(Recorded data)
================

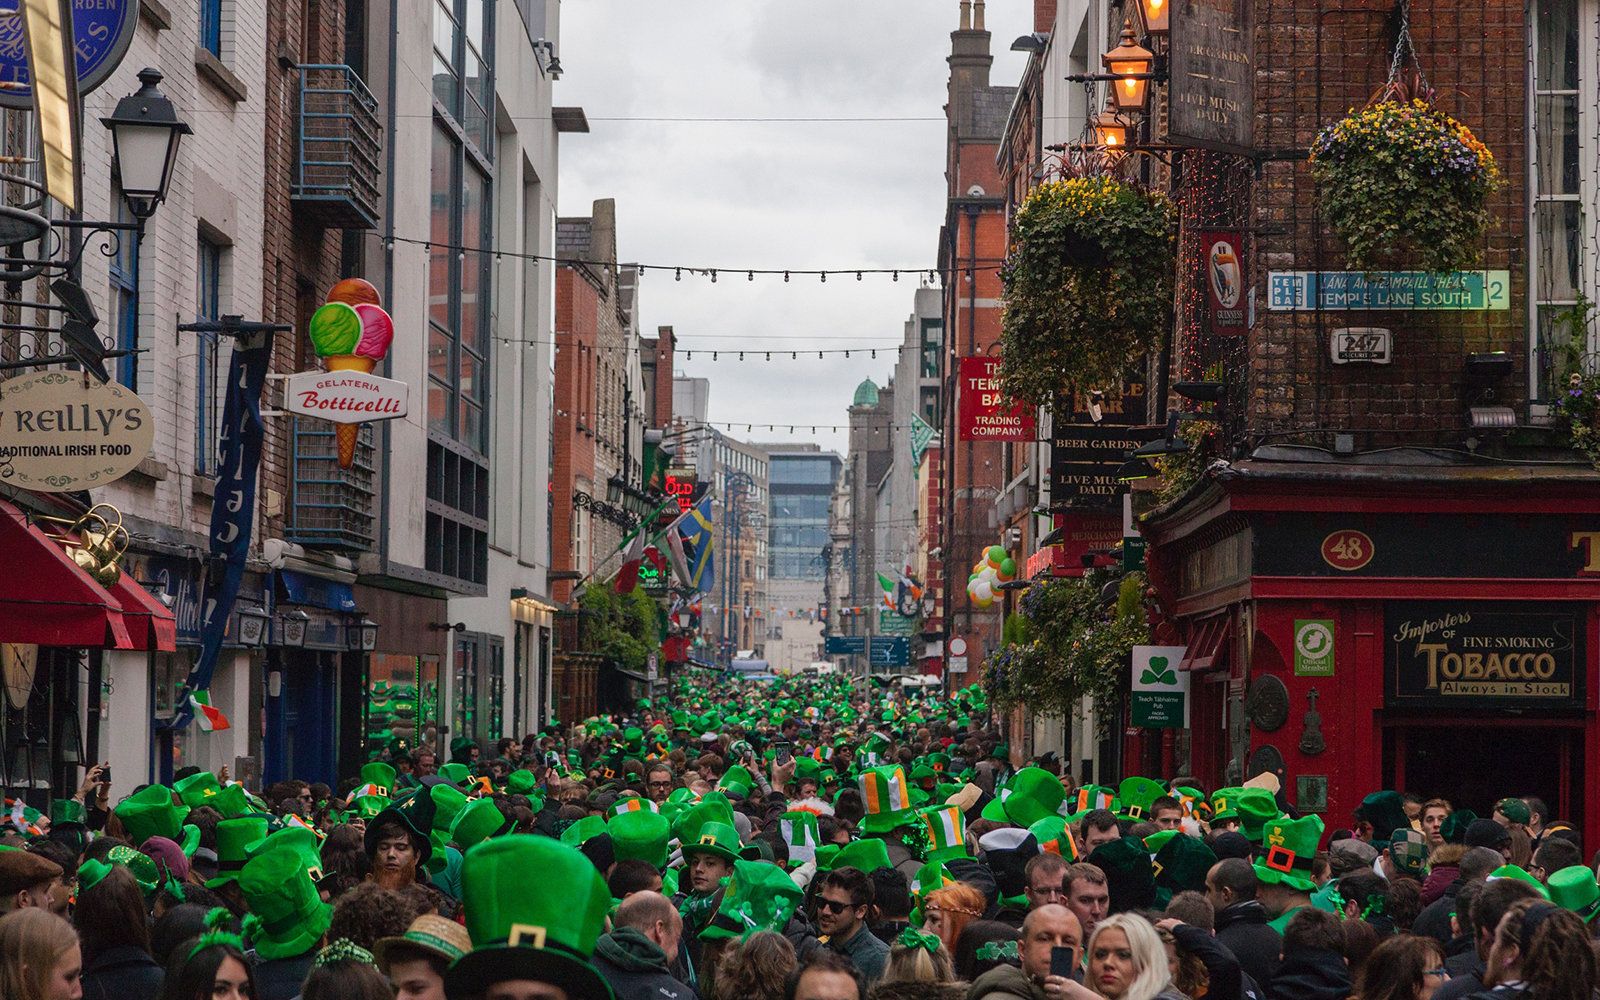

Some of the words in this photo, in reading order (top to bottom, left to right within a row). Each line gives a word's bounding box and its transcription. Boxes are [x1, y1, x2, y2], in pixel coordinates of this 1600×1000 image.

[75, 0, 116, 10] RDEN
[1490, 281, 1503, 300] 2
[1274, 297, 1302, 305] BAR
[1318, 292, 1372, 305] TEMPLE
[1377, 292, 1415, 305] LANE
[1421, 292, 1472, 305] SOUTH
[984, 363, 1003, 375] TH
[316, 379, 380, 393] GELATERIA
[969, 378, 1004, 391] TEM
[297, 391, 400, 414] Botticelli
[975, 416, 1021, 425] TRADING
[971, 426, 1024, 436] COMPANY
[65, 445, 97, 457] IRISH
[100, 444, 132, 456] FOOD
[1056, 439, 1088, 449] BEER
[1090, 439, 1143, 450] GARDEN
[1060, 475, 1091, 485] LIVE
[665, 481, 693, 495] OLD
[1079, 485, 1118, 495] DAILY
[1330, 535, 1363, 560] 48
[1394, 611, 1472, 643] Importers
[1442, 629, 1456, 639] OF
[1463, 636, 1493, 648] FINE
[1494, 636, 1555, 648] SMOKING
[1414, 643, 1556, 690] TOBACCO
[1443, 682, 1497, 694] Always
[1504, 684, 1518, 693] in
[1523, 682, 1568, 694] Stock

================

Work to be completed =
The data above is to be printed exactly, all of it, except for the pictures.

Reply =
Some of the words in this photo, in reading order (top to bottom, left to right within a row). Each line gives a word's bounding box and its transcription. Boxes are [x1, y1, x2, y2], in pixel coordinates of this 1600×1000 image.

[75, 0, 116, 10] RDEN
[1490, 281, 1503, 300] 2
[1274, 297, 1302, 305] BAR
[1318, 292, 1372, 305] TEMPLE
[1377, 292, 1415, 305] LANE
[1421, 292, 1472, 305] SOUTH
[984, 363, 1003, 375] TH
[316, 379, 380, 393] GELATERIA
[969, 378, 1004, 391] TEM
[297, 391, 400, 414] Botticelli
[975, 416, 1021, 425] TRADING
[971, 426, 1024, 436] COMPANY
[65, 445, 97, 457] IRISH
[100, 444, 132, 456] FOOD
[1056, 439, 1088, 449] BEER
[1090, 439, 1143, 450] GARDEN
[1060, 475, 1091, 485] LIVE
[665, 481, 693, 495] OLD
[1079, 485, 1118, 495] DAILY
[1330, 535, 1363, 560] 48
[1394, 611, 1472, 643] Importers
[1442, 629, 1456, 639] OF
[1463, 636, 1493, 648] FINE
[1494, 636, 1555, 648] SMOKING
[1414, 643, 1556, 690] TOBACCO
[1443, 682, 1497, 694] Always
[1504, 684, 1518, 693] in
[1523, 682, 1568, 694] Stock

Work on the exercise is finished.